MATERIAL SUPPLIED:
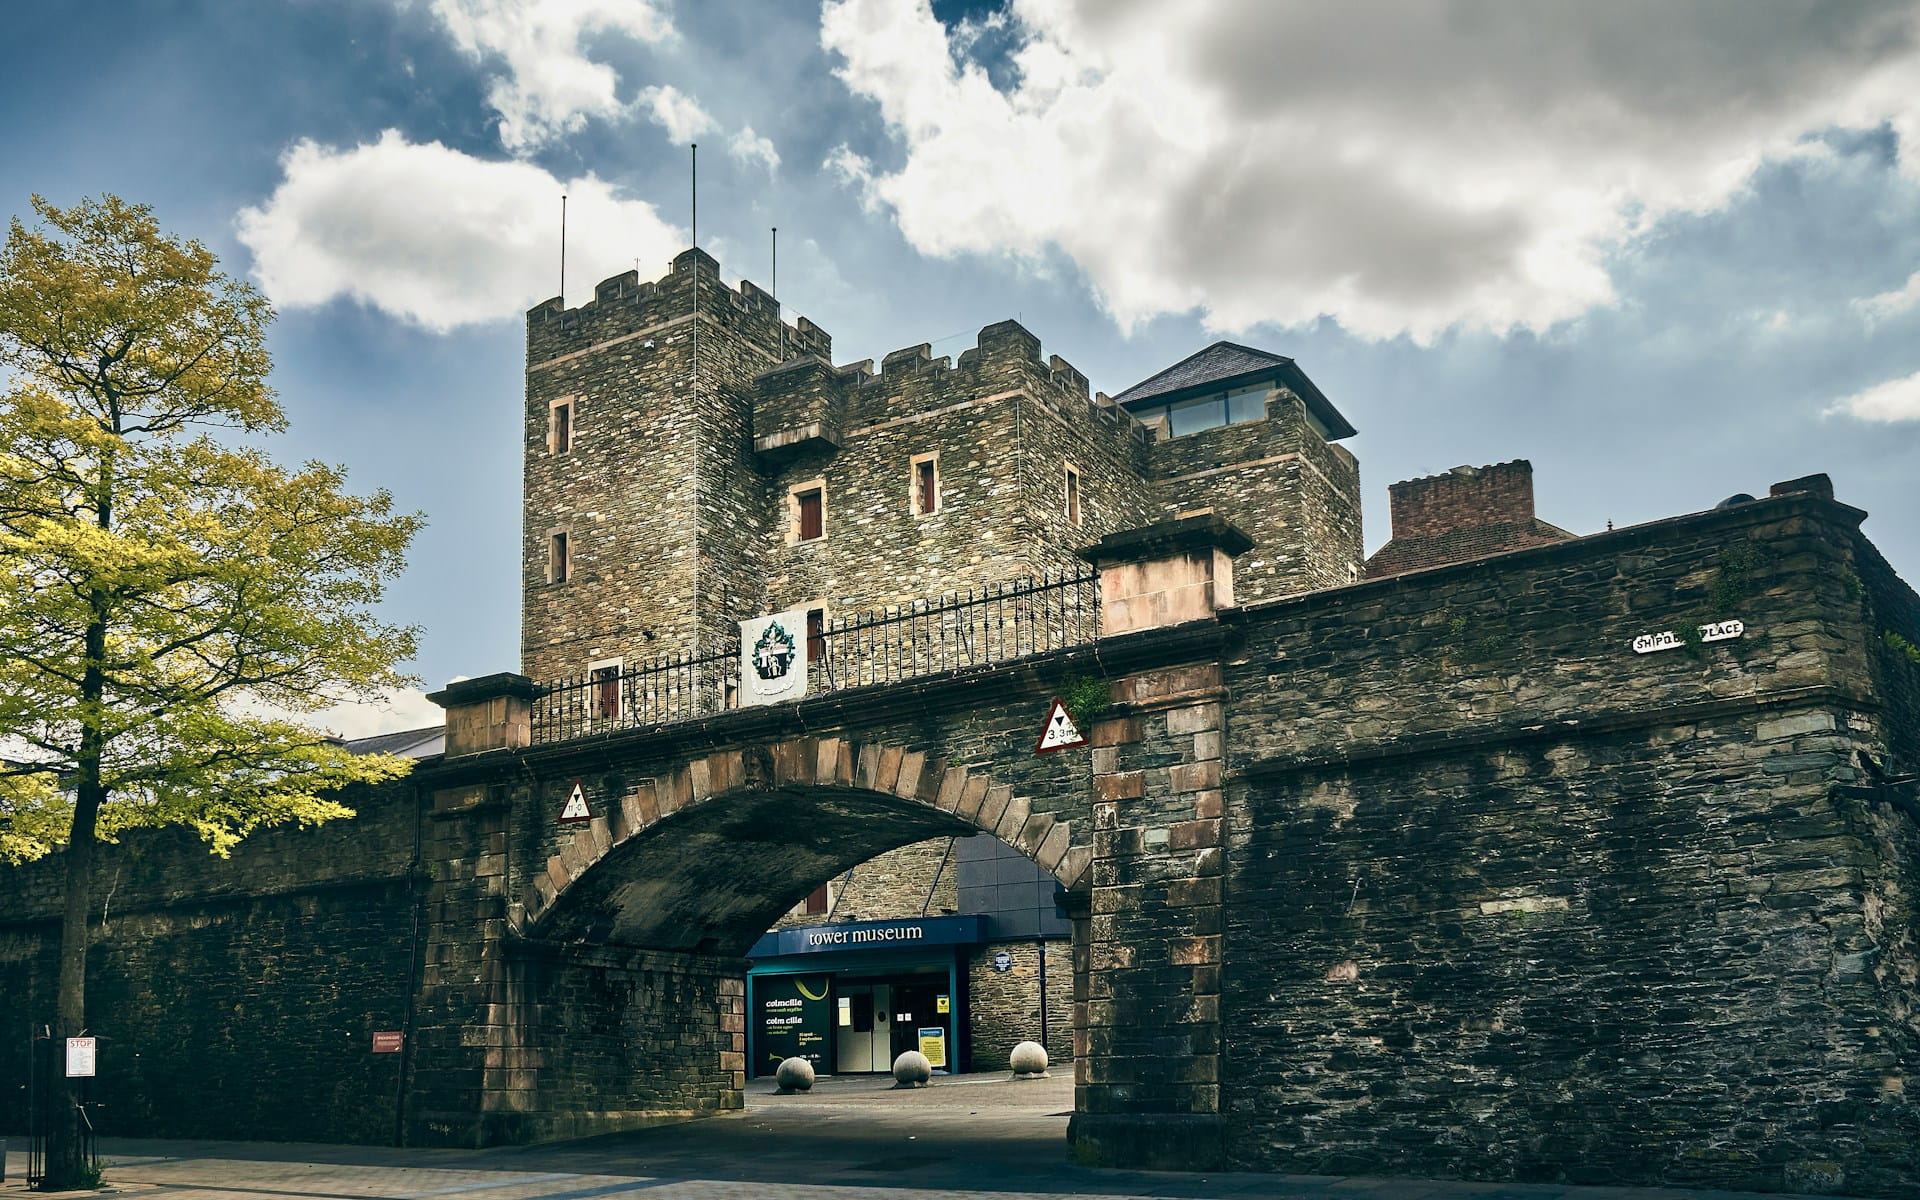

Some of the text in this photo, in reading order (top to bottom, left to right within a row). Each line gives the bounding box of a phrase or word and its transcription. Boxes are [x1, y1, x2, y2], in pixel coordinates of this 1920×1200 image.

[1700, 624, 1740, 638] PLACE
[809, 926, 922, 946] tower museum
[766, 999, 802, 1007] colmcille
[766, 1017, 785, 1025] colm
[70, 1040, 92, 1048] STOP
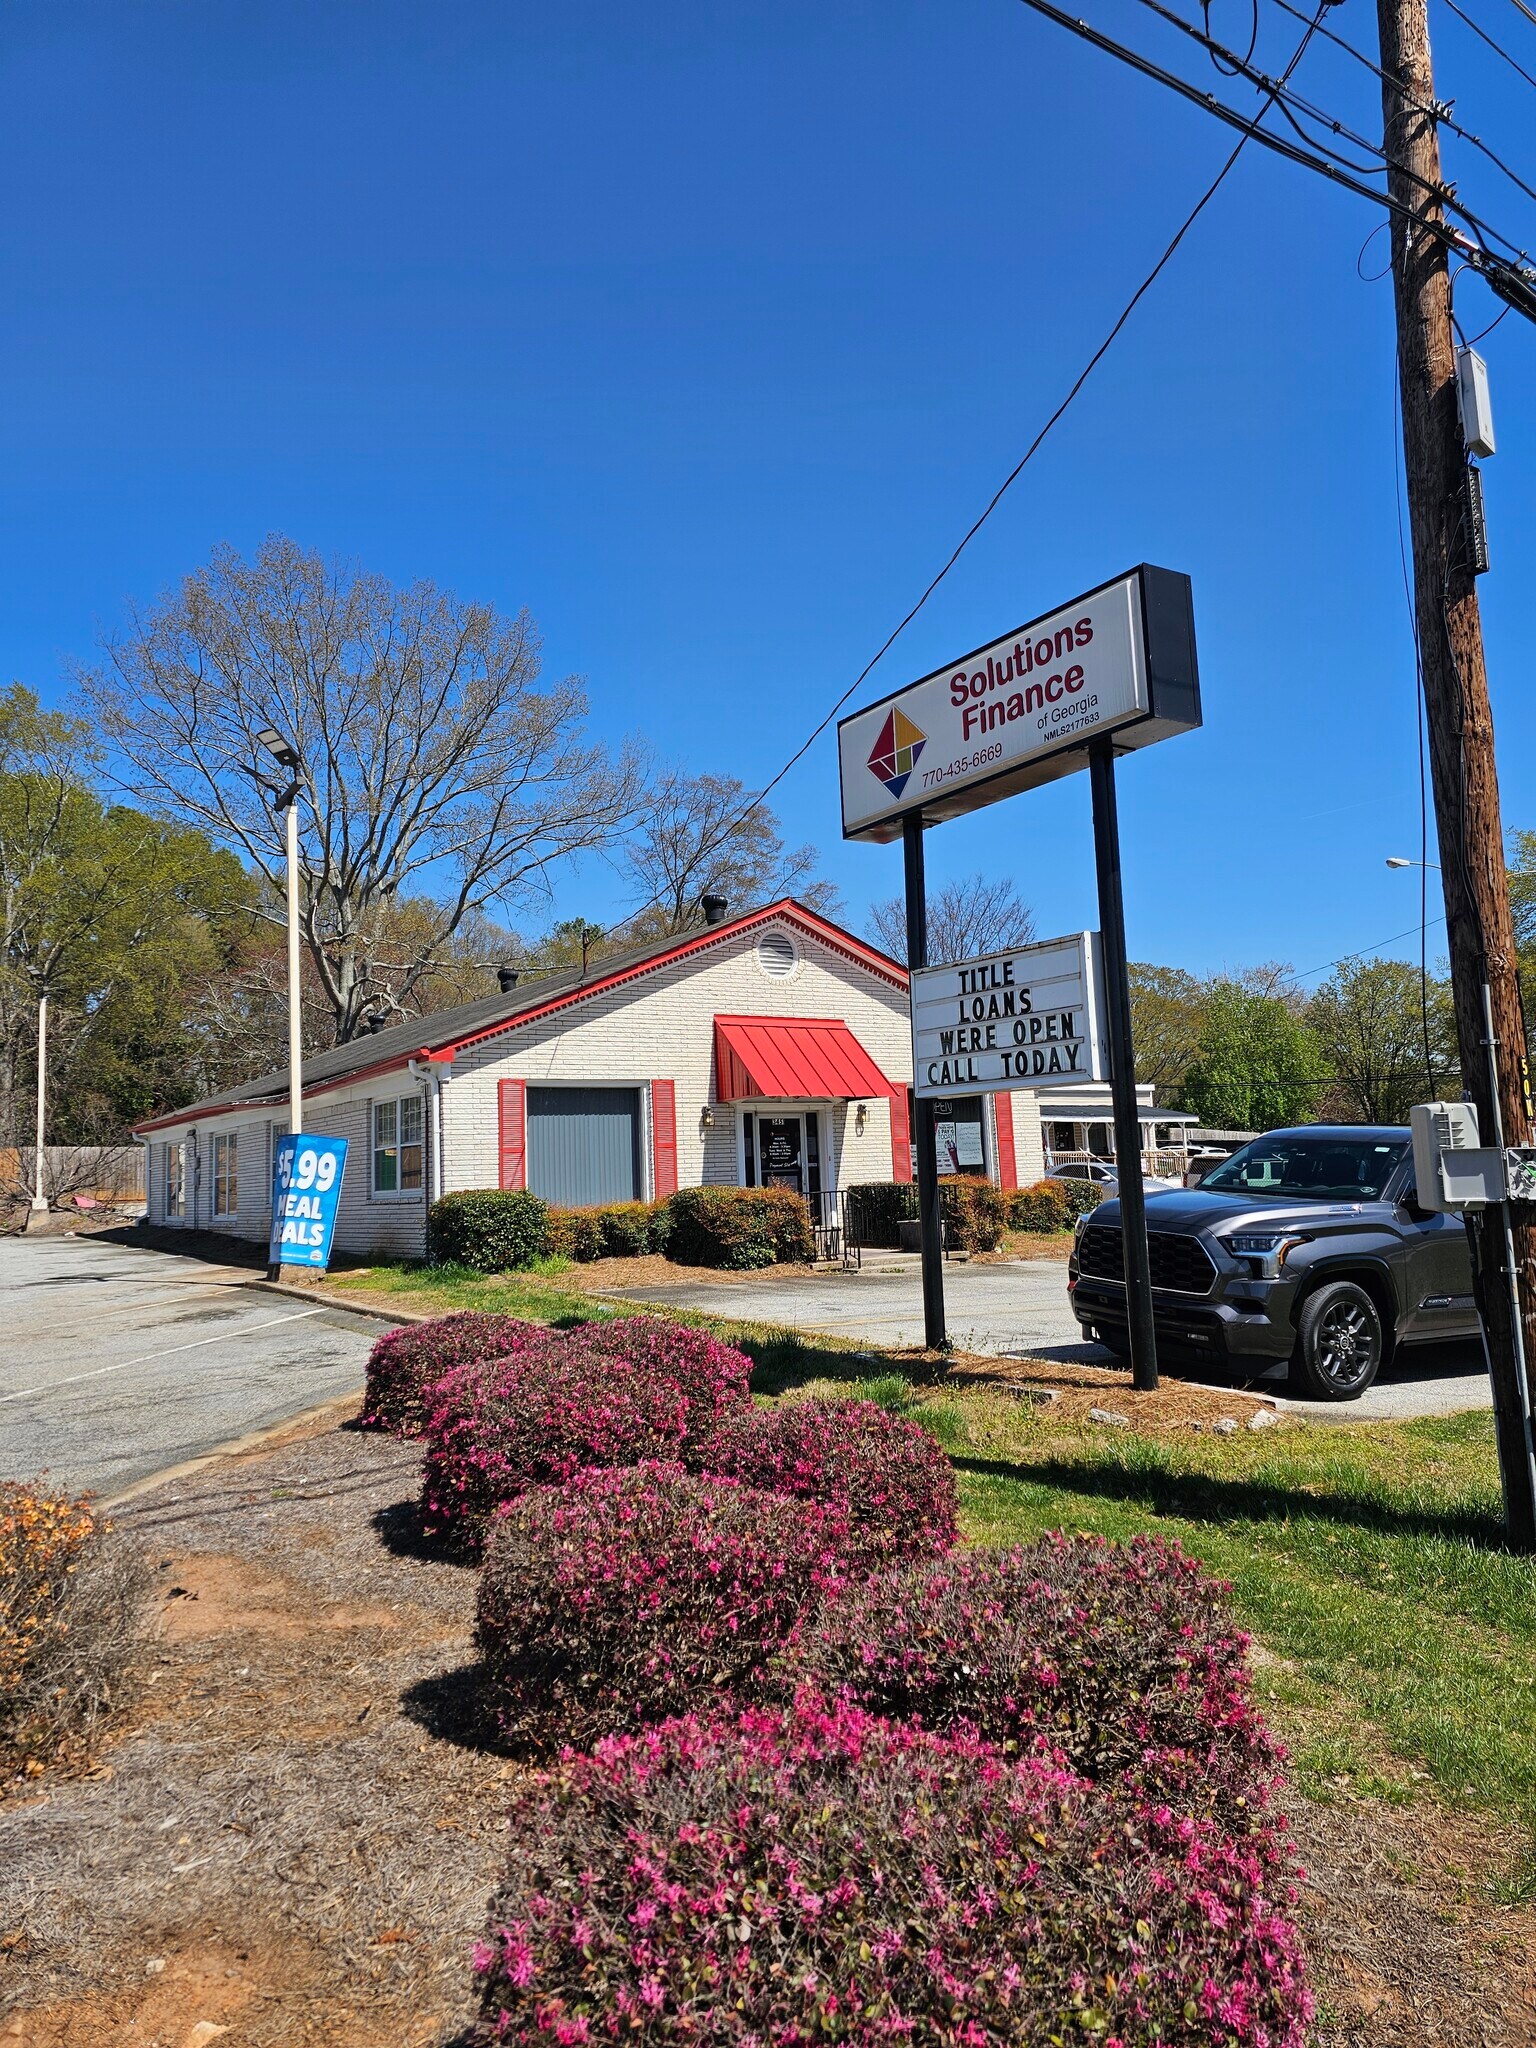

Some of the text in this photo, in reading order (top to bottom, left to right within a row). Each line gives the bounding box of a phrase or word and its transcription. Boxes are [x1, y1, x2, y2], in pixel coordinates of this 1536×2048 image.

[950, 617, 1094, 707] Solutions
[962, 664, 1085, 742] Finance
[1037, 694, 1098, 729] of Georgia
[1043, 711, 1100, 742] NMLS2177633
[922, 742, 1002, 788] 770-435-6669
[958, 960, 1015, 995] TITLE
[959, 988, 1032, 1023] LOANS
[940, 1012, 1074, 1055] WERE OPEN
[927, 1044, 1079, 1086] CALL TODAY
[933, 1101, 952, 1113] PEN
[277, 1194, 323, 1220] MEAL
[272, 1221, 325, 1247] DEALS
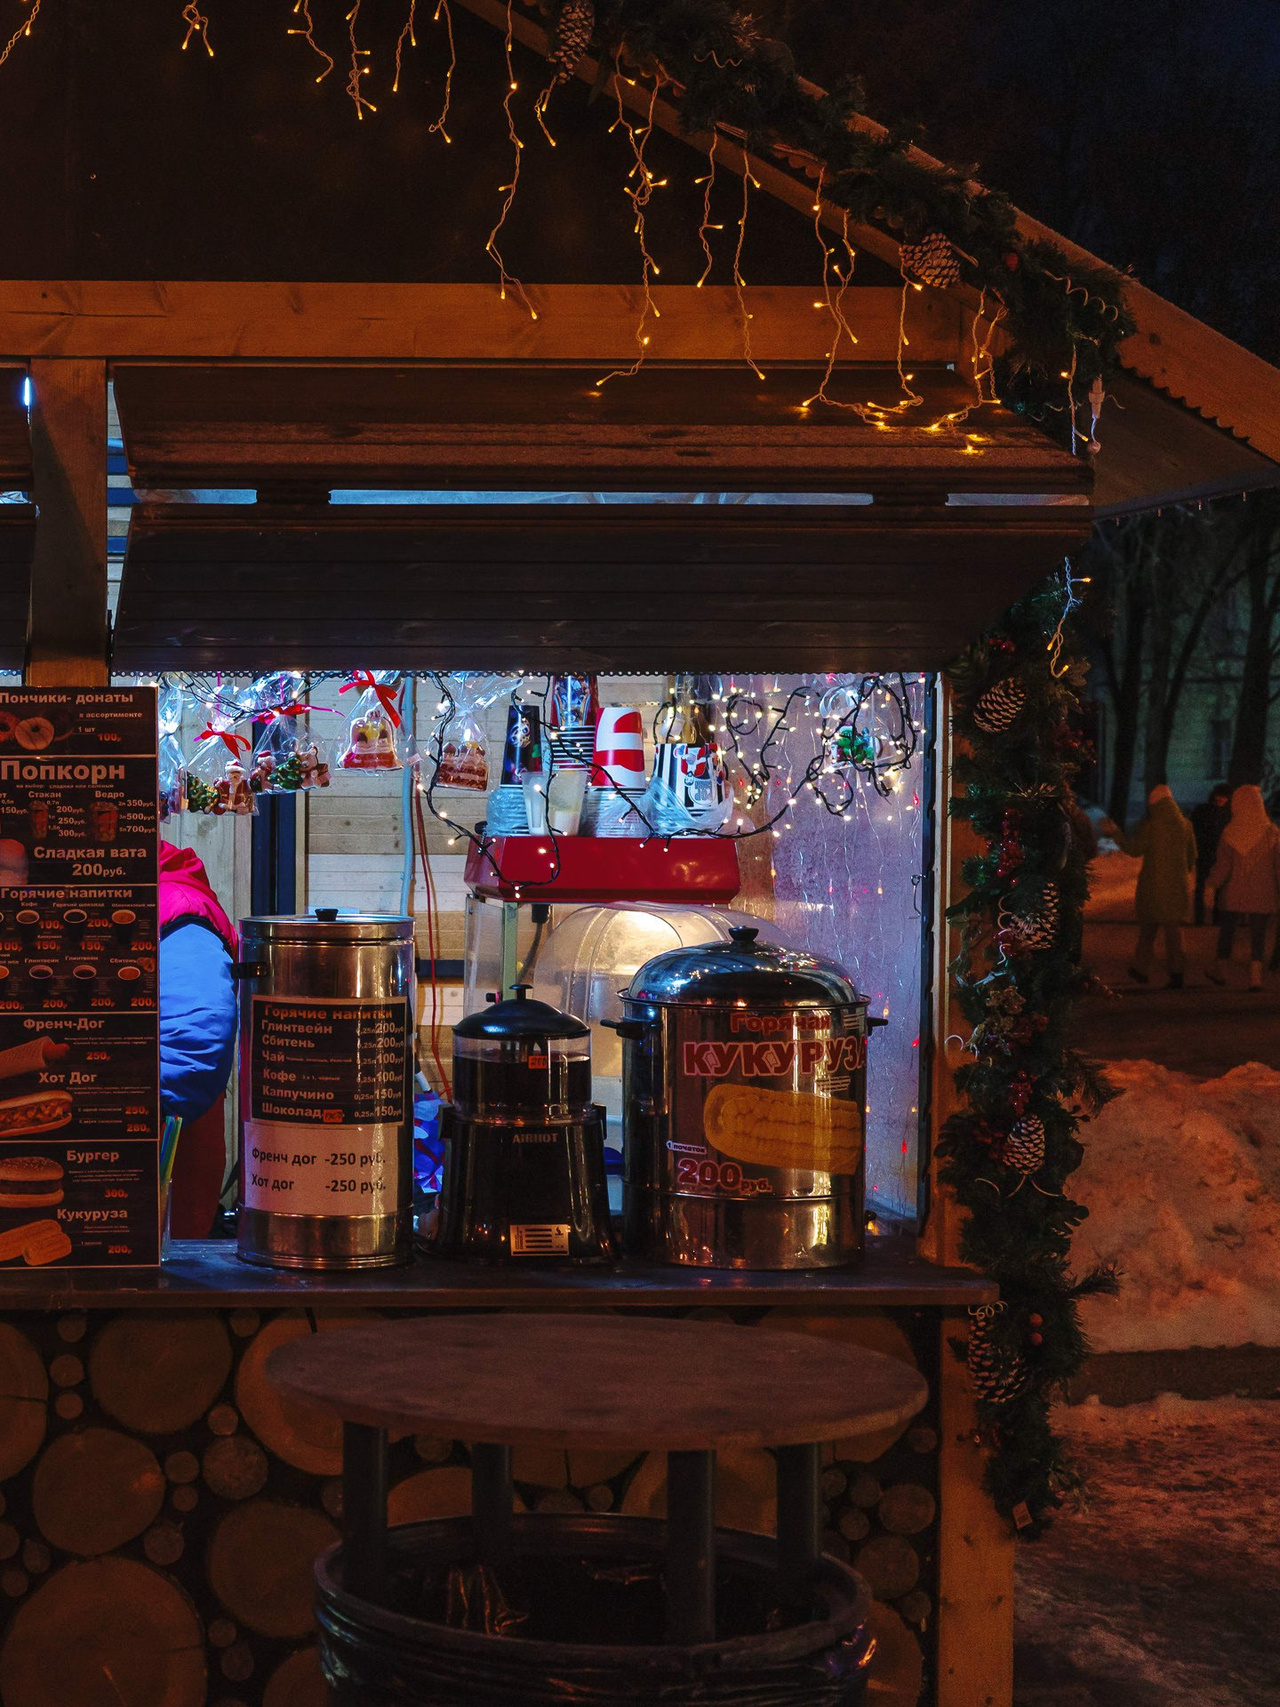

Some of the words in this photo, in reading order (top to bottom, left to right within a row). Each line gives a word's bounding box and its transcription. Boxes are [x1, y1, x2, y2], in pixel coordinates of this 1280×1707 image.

[75, 693, 133, 705] донаты
[1, 761, 125, 784] Попкорн
[95, 790, 125, 799] Ведро
[33, 846, 105, 860] Сладкая
[110, 847, 147, 858] вата
[72, 863, 126, 877] 200руб.
[0, 888, 65, 900] Горячие
[70, 889, 132, 898] напитки
[264, 1005, 326, 1020] Горячие
[332, 1009, 392, 1019] напитки
[23, 1018, 105, 1031] Френч-Дог
[261, 1020, 333, 1034] Глинтвейн
[730, 1013, 832, 1036] Горячая
[262, 1034, 315, 1048] Сбитень
[262, 1050, 285, 1063] Чай
[39, 1072, 65, 1083] Хот
[69, 1072, 97, 1084] Дог
[263, 1069, 296, 1083] Кофе
[262, 1085, 334, 1101] Каппучино
[262, 1102, 322, 1119] Шоколад
[512, 1133, 559, 1144] AIRHOT
[673, 1144, 705, 1153] початок
[66, 1151, 119, 1163] Бургер
[251, 1148, 288, 1164] Френч
[291, 1155, 317, 1166] дог
[251, 1174, 269, 1187] Хот
[271, 1181, 294, 1191] дог
[56, 1209, 128, 1222] Кукуруза

WORK ORDER:
Every entry above needs to be retyped exactly; drop the pictures.

RESULT:
Some of the text in this photo, in reading order (top to bottom, left to right within a row). Each line gives the bounding box of a phrase or word and its transcription. Boxes are [x1, y1, x2, y2], in pixel coordinates of this 1920×1200 image.

[1700, 624, 1740, 638] PLACE
[809, 926, 922, 946] tower museum
[766, 999, 802, 1007] colmcille
[766, 1017, 785, 1025] colm
[70, 1040, 92, 1048] STOP

Some of the text in this photo, in reading order (top to bottom, left to right within a row). Each line gives the bounding box of a phrase or word and its transcription. Boxes are [x1, y1, x2, y2], in pixel coordinates of this 1536×2048 image.

[950, 617, 1094, 707] Solutions
[962, 664, 1085, 742] Finance
[1037, 694, 1098, 729] of Georgia
[1043, 711, 1100, 742] NMLS2177633
[922, 742, 1002, 788] 770-435-6669
[958, 960, 1015, 995] TITLE
[959, 988, 1032, 1023] LOANS
[940, 1012, 1074, 1055] WERE OPEN
[927, 1044, 1079, 1086] CALL TODAY
[933, 1101, 952, 1113] PEN
[277, 1194, 323, 1220] MEAL
[272, 1221, 325, 1247] DEALS

Some of the words in this photo, in reading order (top to bottom, left to right within a row). Each line gives a word's bounding box and its transcription. Boxes are [x1, y1, x2, y2], in pixel coordinates of this 1280×1707 image.

[75, 693, 133, 705] донаты
[1, 761, 125, 784] Попкорн
[95, 790, 125, 799] Ведро
[33, 846, 105, 860] Сладкая
[110, 847, 147, 858] вата
[72, 863, 126, 877] 200руб.
[0, 888, 65, 900] Горячие
[70, 889, 132, 898] напитки
[264, 1005, 326, 1020] Горячие
[332, 1009, 392, 1019] напитки
[23, 1018, 105, 1031] Френч-Дог
[261, 1020, 333, 1034] Глинтвейн
[730, 1013, 832, 1036] Горячая
[262, 1034, 315, 1048] Сбитень
[262, 1050, 285, 1063] Чай
[39, 1072, 65, 1083] Хот
[69, 1072, 97, 1084] Дог
[263, 1069, 296, 1083] Кофе
[262, 1085, 334, 1101] Каппучино
[262, 1102, 322, 1119] Шоколад
[512, 1133, 559, 1144] AIRHOT
[673, 1144, 705, 1153] початок
[66, 1151, 119, 1163] Бургер
[251, 1148, 288, 1164] Френч
[291, 1155, 317, 1166] дог
[251, 1174, 269, 1187] Хот
[271, 1181, 294, 1191] дог
[56, 1209, 128, 1222] Кукуруза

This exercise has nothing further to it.